9. We will gather intelligence around the current range of careers information, advice and guidance and employability services to identify whether this service provision meets the particular needs of carers.

10. We will enhance employment support services with the aim of supporting more parents, some of whom will be carers, to enter and progress in sustainable and fair work.

11. We will continue to fund and promote increased uptake of the Carer Positive employer accreditation scheme, working with employers to support flexible, agile and inclusive workplaces that benefit workers with caring responsibilities.
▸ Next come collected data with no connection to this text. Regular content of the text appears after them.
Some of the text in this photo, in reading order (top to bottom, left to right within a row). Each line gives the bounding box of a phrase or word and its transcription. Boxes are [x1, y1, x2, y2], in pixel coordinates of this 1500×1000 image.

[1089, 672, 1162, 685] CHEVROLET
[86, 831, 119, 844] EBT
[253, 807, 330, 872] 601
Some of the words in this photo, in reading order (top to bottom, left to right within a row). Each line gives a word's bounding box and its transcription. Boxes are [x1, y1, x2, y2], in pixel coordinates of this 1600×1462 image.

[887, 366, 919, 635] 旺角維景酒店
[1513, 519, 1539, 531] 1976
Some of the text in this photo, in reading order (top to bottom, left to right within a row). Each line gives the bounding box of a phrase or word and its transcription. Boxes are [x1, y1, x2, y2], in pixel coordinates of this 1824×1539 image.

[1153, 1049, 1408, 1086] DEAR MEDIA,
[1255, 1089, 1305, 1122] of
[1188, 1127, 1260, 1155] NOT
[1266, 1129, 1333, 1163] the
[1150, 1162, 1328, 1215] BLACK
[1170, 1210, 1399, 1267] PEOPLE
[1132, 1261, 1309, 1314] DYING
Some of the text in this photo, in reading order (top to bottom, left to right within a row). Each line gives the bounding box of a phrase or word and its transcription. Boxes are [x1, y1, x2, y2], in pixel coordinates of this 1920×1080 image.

12. We are providing over £750,000 in year 1 of our new multi-year Workplace Equality Fund 2022 to 2024 to overcome workforce inequalities faced by groups such as carers.

13. We will publish a refreshed Fair Work Action Plan, and engage with carers with lived experience of barriers to employment and employers.

14. We will ensure that the specific barriers faced by carers are taken account of when tackling broader societal issues such as digital exclusion and lack of access to public transport.

15. We will publish the Connected Scotland delivery plan in 2022.

16. We will extend the Connecting Scotland programme to reach up to 300,000 people by the end of this Parliament. The new delivery model will consider the needs of carers into account.

17. We will continue to work with COSLA to progress our shared commitment to end all charges for non-residential social care support. We will work with stakeholders to develop and implement options as soon as practicable and within the lifetime of the Parliament.

Young Carers

1. We will continue to recognise and involve young carers as part of all of the actions highlighted in Chapter 2.

2. We will continue to support the Young Carers Festival where they will have the opportunity to engage with attendees and feed into future policy making.

3. We will continue to engage with young carers in order to improve mental health and wellbeing support.

4. We will work with Young Scot to develop a social media based awareness campaign to target young carers.

5. We will continue to provide health and social care support for young carers as part of the actions highlighted in Chapter 3.

6. We will continue to support work to ensure health and social care staff have the skills, knowledge and confidence to identify, support and involve young carers in line with the Carers Act.

7. We will continue to support work to raise awareness of young carers in schools by funding a full time Education Officer post with Carers Trust Scotland and working closely with NHS Education for Scotland.

8. We will help young carers secure the use of their own rights under additional support for learning legislation via the service My Rights, My Say.

9. We will continue to encourage uptake of the Young Carer Grant by signposting via our partner organisations.

10. We will continue to fund the Young Scot young carer package and have expanded this for 2022-23.